### WORK TO BE COMPLETED:
Please retype, character for character, the portion of the entries below that runs from the line containing "Some of the text" to the last line.

[Referring expression grounding data]

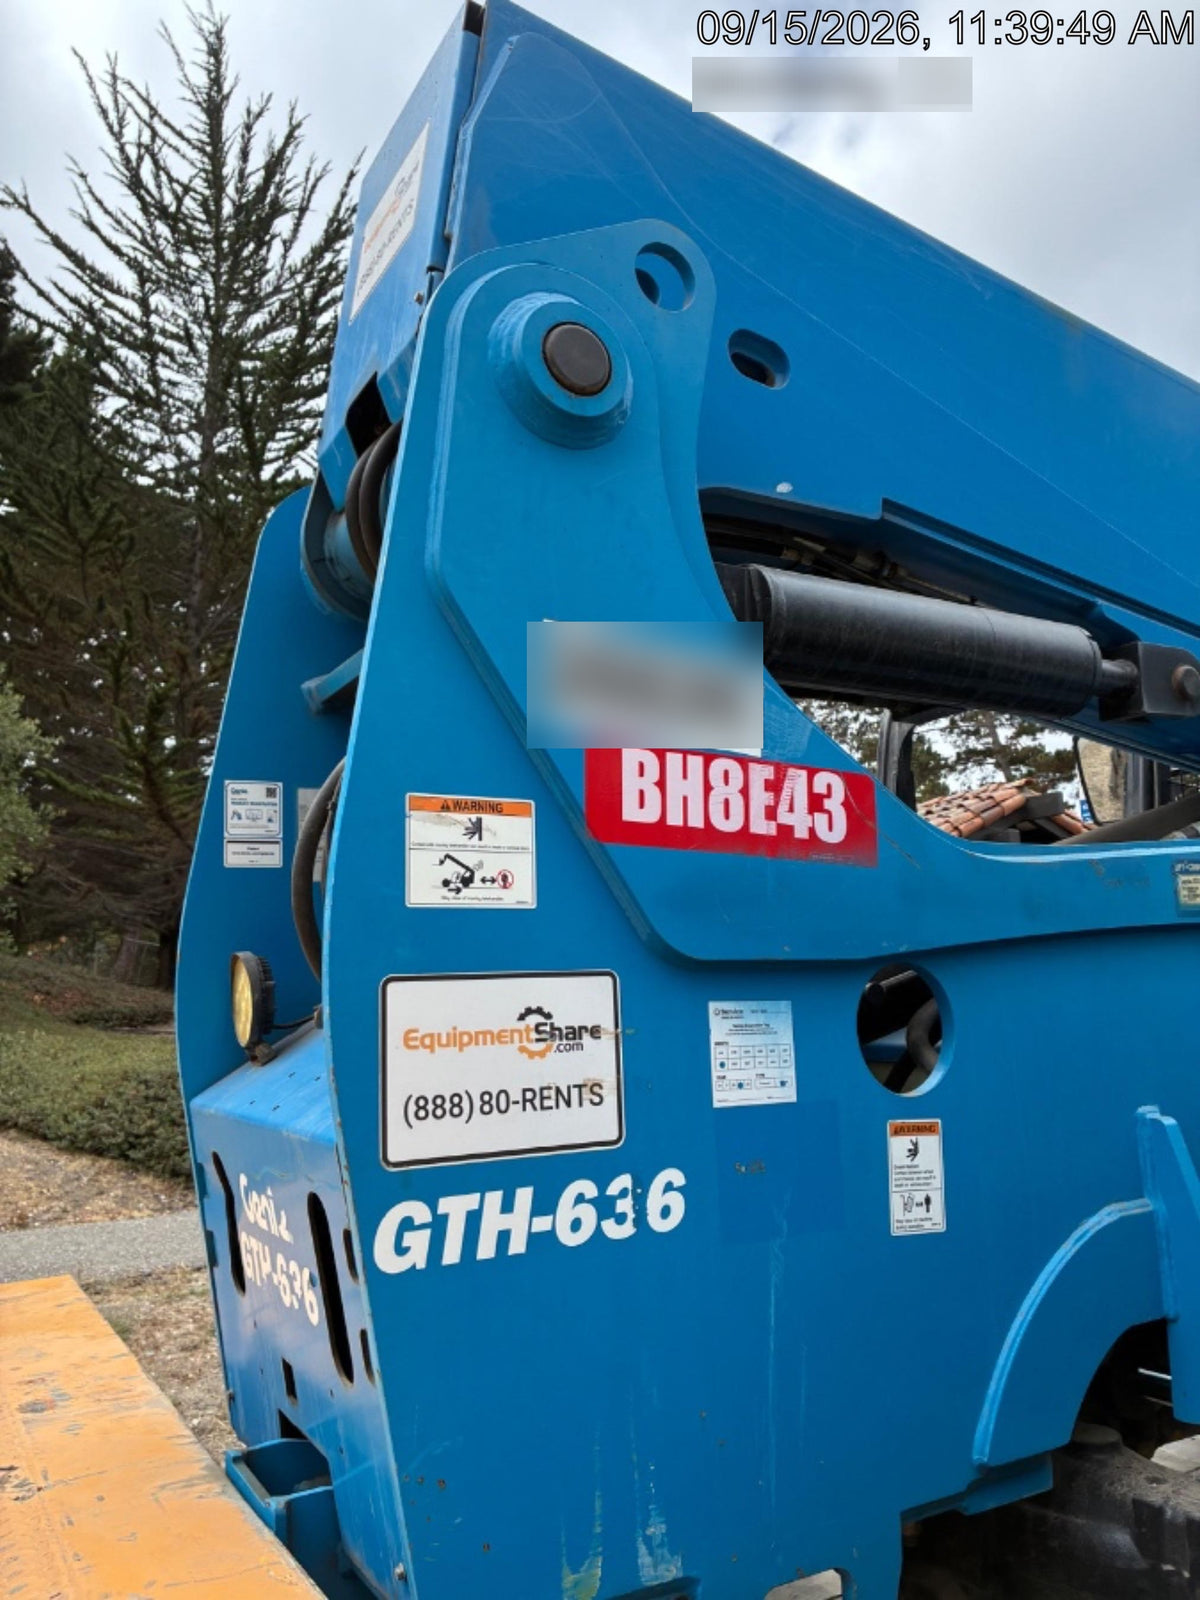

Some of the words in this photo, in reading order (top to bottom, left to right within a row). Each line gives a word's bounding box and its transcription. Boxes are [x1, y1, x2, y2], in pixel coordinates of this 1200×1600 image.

[453, 800, 504, 814] WARNING
[621, 748, 848, 844] BH8E43
[372, 1166, 687, 1275] GTH-636
[240, 1231, 320, 1327] GTH-636
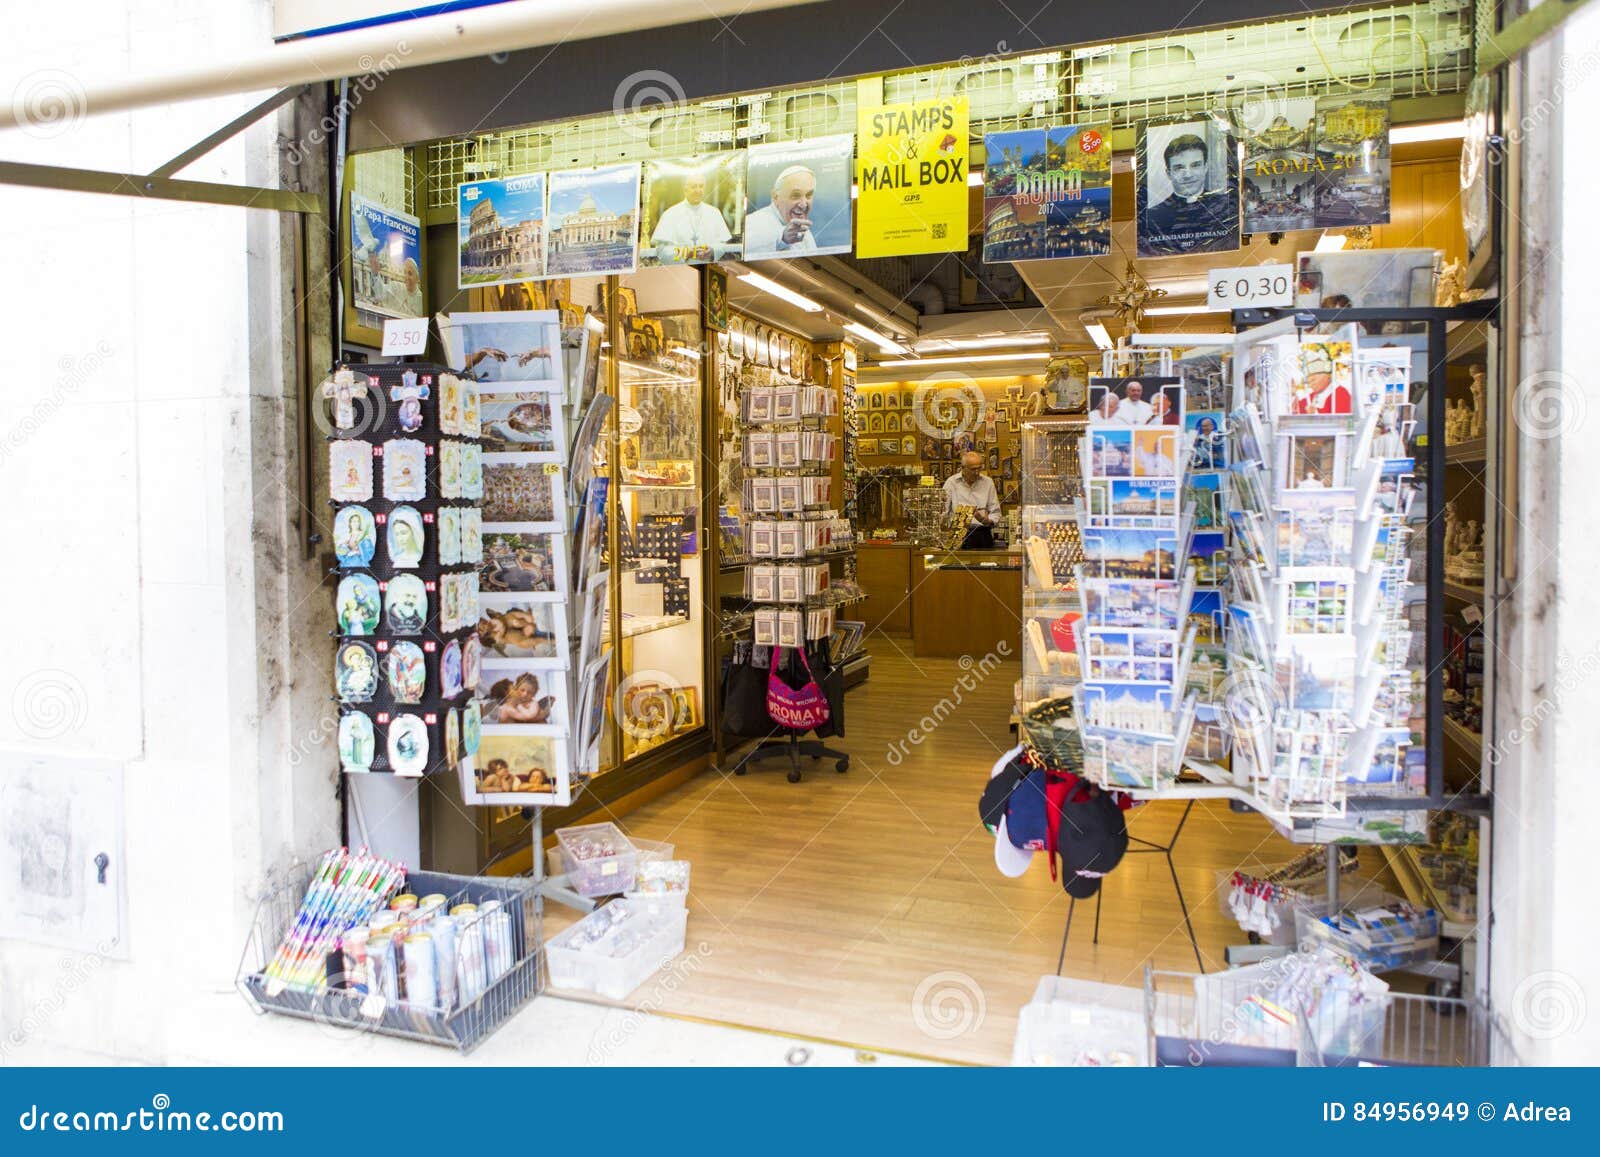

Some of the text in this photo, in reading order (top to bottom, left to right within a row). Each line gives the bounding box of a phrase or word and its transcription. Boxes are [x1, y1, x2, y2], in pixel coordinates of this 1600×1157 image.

[873, 105, 953, 138] STAMPS
[906, 138, 918, 160] &
[1256, 150, 1378, 176] ROMA 201
[505, 180, 540, 193] ROMA
[863, 158, 963, 192] MAIL BOX
[1014, 169, 1081, 206] ROMA
[1038, 203, 1055, 215] 2017
[364, 206, 417, 237] Papa Francesco
[1148, 230, 1229, 242] CALENDARIO ROMANO
[1213, 276, 1287, 301] € 0,30
[389, 330, 421, 347] 2.50
[772, 702, 815, 722] ROMA

### TASK RESULT:
Some of the text in this photo, in reading order (top to bottom, left to right within a row). Each line gives the bounding box of a phrase or word and its transcription. Boxes are [x1, y1, x2, y2], in pixel coordinates of this 1600×1157 image.

[873, 105, 953, 138] STAMPS
[906, 138, 918, 160] &
[1256, 150, 1378, 176] ROMA 201
[505, 180, 540, 193] ROMA
[863, 158, 963, 192] MAIL BOX
[1014, 169, 1081, 206] ROMA
[1038, 203, 1055, 215] 2017
[364, 206, 417, 237] Papa Francesco
[1148, 230, 1229, 242] CALENDARIO ROMANO
[1213, 276, 1287, 301] € 0,30
[389, 330, 421, 347] 2.50
[772, 702, 815, 722] ROMA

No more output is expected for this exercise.